--- Task instructions ---
Every entry below should be reproduced exactly; no picture is to be included.

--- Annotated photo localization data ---
-------
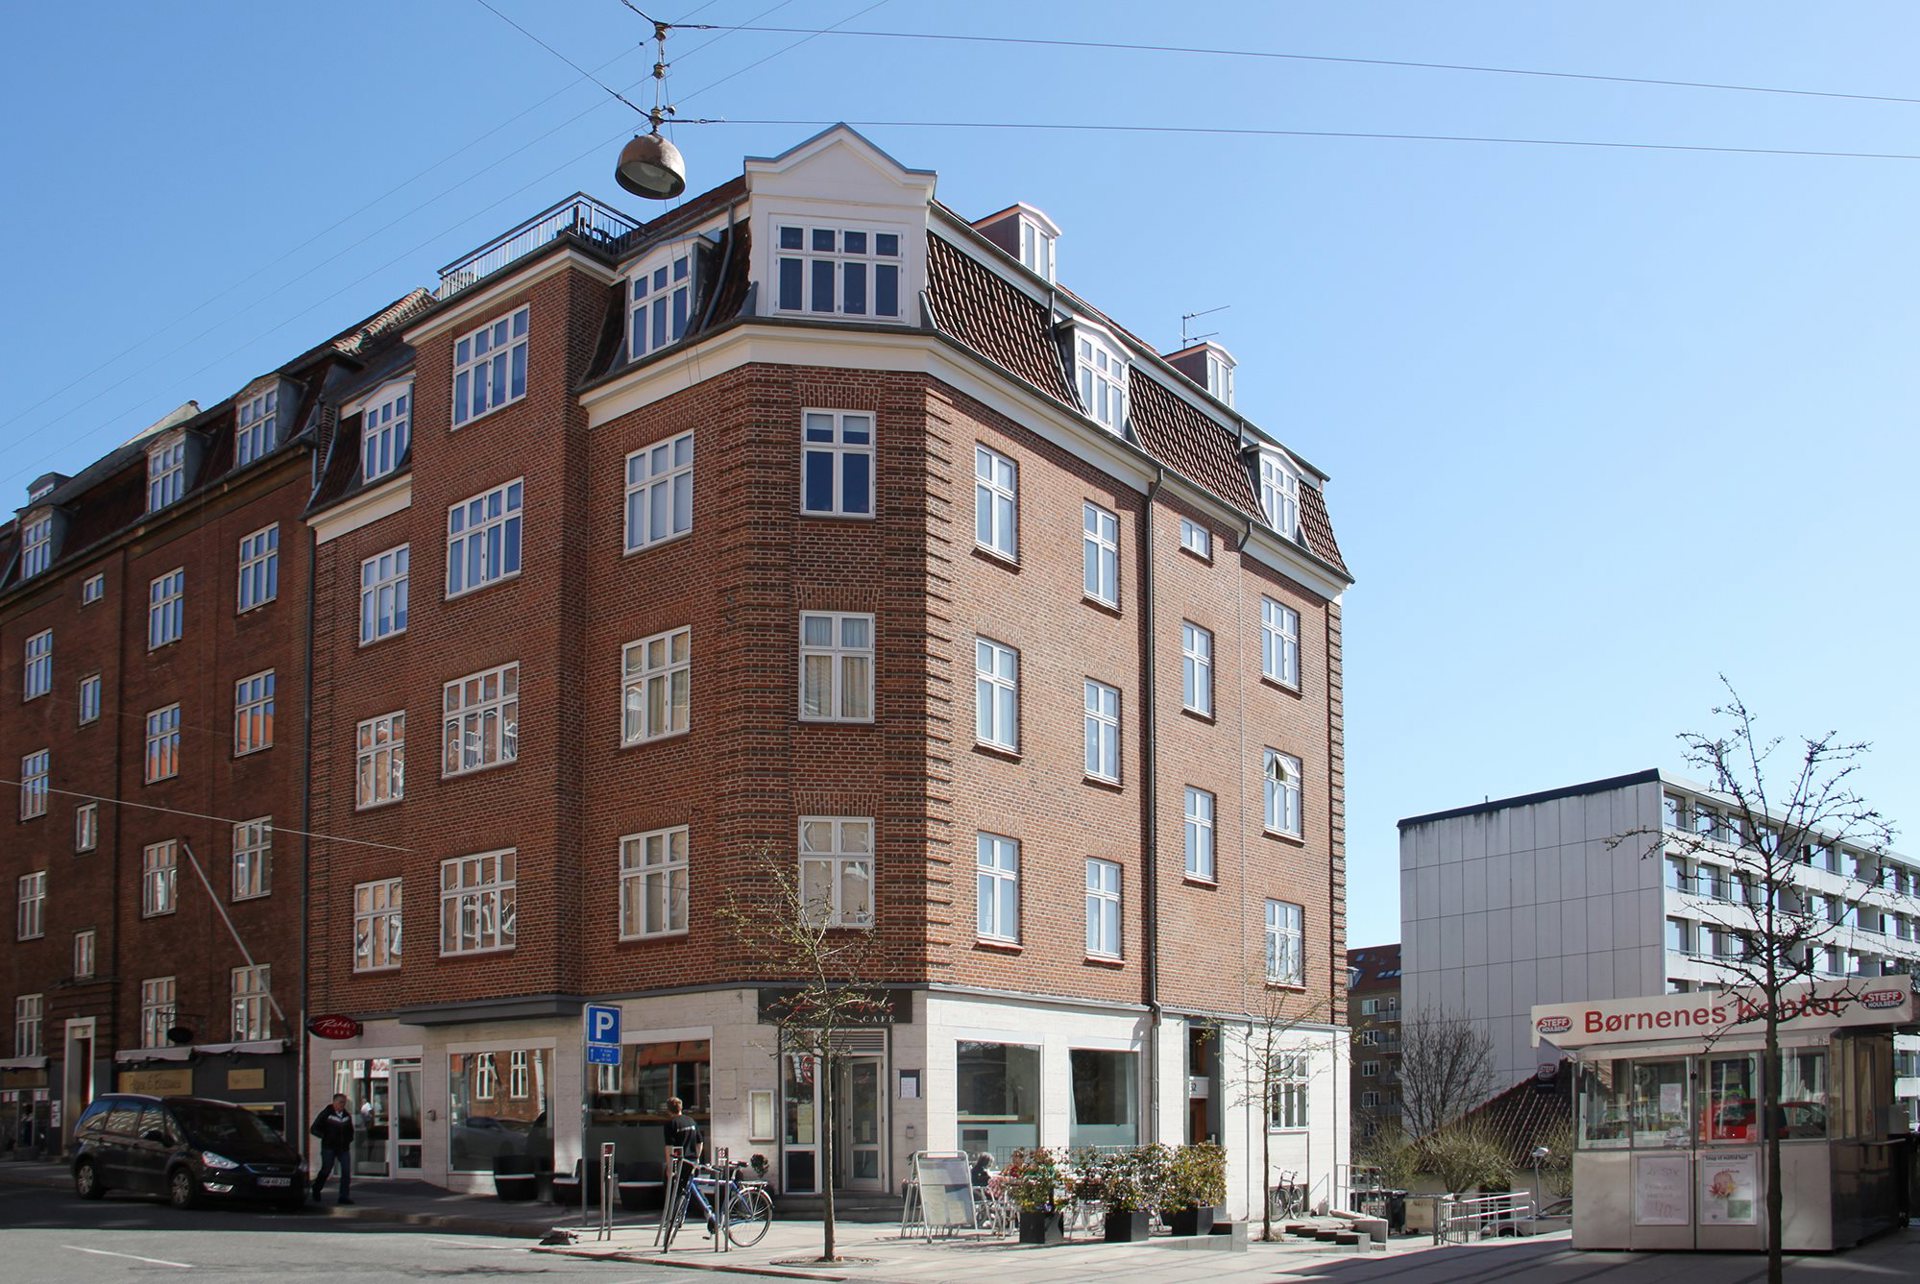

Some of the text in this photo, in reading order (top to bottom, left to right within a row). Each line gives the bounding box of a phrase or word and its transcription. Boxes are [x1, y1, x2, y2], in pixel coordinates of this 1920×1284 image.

[1867, 991, 1899, 1002] STEFF
[596, 1011, 615, 1040] P
[1541, 1018, 1568, 1027] STEFF
[1584, 1004, 1727, 1033] Børnenes
-------
--- Solved exercise ---
Some of the text in this photo, in reading order (top to bottom, left to right within a row). Each line gives the bounding box of a phrase or word and its transcription. Boxes are [x1, y1, x2, y2], in pixel coordinates of this 1920×1284 image.

[1867, 991, 1899, 1002] STEFF
[596, 1011, 615, 1040] P
[1541, 1018, 1568, 1027] STEFF
[1584, 1004, 1727, 1033] Børnenes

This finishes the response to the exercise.